_THE PROBLEM_.
Here the answer should be the line with "this 1632×1224 image." and all the lines after it through the end of the listing, each repeated exactly, and no other text.

---------------

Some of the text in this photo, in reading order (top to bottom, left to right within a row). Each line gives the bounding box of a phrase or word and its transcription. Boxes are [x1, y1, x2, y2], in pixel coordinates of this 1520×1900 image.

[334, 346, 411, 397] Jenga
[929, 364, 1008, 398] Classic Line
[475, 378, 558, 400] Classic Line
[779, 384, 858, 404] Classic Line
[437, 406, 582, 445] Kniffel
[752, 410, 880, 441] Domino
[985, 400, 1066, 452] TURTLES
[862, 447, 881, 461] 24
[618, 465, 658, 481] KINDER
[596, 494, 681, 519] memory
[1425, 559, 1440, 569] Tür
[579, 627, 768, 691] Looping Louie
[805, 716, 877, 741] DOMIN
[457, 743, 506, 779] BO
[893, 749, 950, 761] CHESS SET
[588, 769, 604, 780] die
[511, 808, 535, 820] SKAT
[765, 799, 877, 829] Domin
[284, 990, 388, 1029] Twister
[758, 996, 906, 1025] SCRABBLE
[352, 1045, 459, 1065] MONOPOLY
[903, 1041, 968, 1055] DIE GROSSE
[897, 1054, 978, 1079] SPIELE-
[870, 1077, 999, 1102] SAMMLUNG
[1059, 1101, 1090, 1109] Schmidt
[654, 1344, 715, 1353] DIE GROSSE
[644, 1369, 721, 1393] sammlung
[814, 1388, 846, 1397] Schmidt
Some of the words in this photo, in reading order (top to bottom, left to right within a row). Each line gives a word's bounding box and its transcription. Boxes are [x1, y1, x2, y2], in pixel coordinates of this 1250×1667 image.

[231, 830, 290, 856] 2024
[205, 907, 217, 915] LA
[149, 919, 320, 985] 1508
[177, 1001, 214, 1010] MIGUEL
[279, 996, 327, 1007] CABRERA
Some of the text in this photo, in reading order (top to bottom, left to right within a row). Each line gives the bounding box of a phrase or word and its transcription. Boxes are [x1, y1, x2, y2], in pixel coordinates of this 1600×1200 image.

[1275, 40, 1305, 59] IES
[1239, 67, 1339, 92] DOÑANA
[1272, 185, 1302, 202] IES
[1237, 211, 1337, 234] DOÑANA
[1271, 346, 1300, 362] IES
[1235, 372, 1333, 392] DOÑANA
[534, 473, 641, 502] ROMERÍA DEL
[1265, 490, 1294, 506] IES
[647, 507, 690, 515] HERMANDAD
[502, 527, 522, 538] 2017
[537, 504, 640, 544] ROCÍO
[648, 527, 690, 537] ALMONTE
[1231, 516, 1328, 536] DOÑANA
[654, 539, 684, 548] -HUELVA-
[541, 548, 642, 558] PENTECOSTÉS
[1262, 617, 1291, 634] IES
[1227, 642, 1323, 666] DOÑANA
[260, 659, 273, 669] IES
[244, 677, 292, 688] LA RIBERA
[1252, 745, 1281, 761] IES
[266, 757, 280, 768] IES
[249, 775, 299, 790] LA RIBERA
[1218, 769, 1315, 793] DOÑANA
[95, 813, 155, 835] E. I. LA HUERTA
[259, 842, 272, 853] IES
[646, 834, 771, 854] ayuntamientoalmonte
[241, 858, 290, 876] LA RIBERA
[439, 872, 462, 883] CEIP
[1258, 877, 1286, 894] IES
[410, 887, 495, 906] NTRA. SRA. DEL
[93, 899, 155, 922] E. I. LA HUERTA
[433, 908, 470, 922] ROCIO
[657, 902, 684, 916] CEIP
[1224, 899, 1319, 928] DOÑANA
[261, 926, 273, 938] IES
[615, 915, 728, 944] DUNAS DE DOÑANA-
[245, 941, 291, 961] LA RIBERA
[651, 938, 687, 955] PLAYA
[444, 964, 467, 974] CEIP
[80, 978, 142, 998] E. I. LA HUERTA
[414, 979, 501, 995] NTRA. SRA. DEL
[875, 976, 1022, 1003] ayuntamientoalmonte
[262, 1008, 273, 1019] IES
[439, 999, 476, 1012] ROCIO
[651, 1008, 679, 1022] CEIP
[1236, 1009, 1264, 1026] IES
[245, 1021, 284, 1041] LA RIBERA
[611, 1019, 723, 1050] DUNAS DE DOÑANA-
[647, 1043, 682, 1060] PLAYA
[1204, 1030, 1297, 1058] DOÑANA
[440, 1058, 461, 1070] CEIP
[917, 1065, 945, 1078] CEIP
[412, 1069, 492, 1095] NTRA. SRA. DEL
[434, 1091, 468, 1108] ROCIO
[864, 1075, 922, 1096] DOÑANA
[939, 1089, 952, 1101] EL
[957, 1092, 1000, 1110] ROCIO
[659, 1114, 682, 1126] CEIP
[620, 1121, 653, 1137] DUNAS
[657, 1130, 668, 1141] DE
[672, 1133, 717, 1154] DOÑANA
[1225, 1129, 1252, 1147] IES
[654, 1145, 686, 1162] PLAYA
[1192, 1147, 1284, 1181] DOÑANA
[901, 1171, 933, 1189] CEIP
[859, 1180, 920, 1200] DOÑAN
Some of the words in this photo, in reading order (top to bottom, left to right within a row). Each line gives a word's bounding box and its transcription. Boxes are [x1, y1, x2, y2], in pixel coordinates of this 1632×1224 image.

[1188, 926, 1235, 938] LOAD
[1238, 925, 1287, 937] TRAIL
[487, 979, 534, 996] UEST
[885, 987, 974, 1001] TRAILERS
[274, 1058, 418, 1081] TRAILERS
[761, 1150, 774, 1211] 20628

---------------

_ANSWER SPACE_.
Some of the words in this photo, in reading order (top to bottom, left to right within a row). Each line gives a word's bounding box and its transcription. Boxes are [x1, y1, x2, y2], in pixel coordinates of this 1632×1224 image.

[1188, 926, 1235, 938] LOAD
[1238, 925, 1287, 937] TRAIL
[487, 979, 534, 996] UEST
[885, 987, 974, 1001] TRAILERS
[274, 1058, 418, 1081] TRAILERS
[761, 1150, 774, 1211] 20628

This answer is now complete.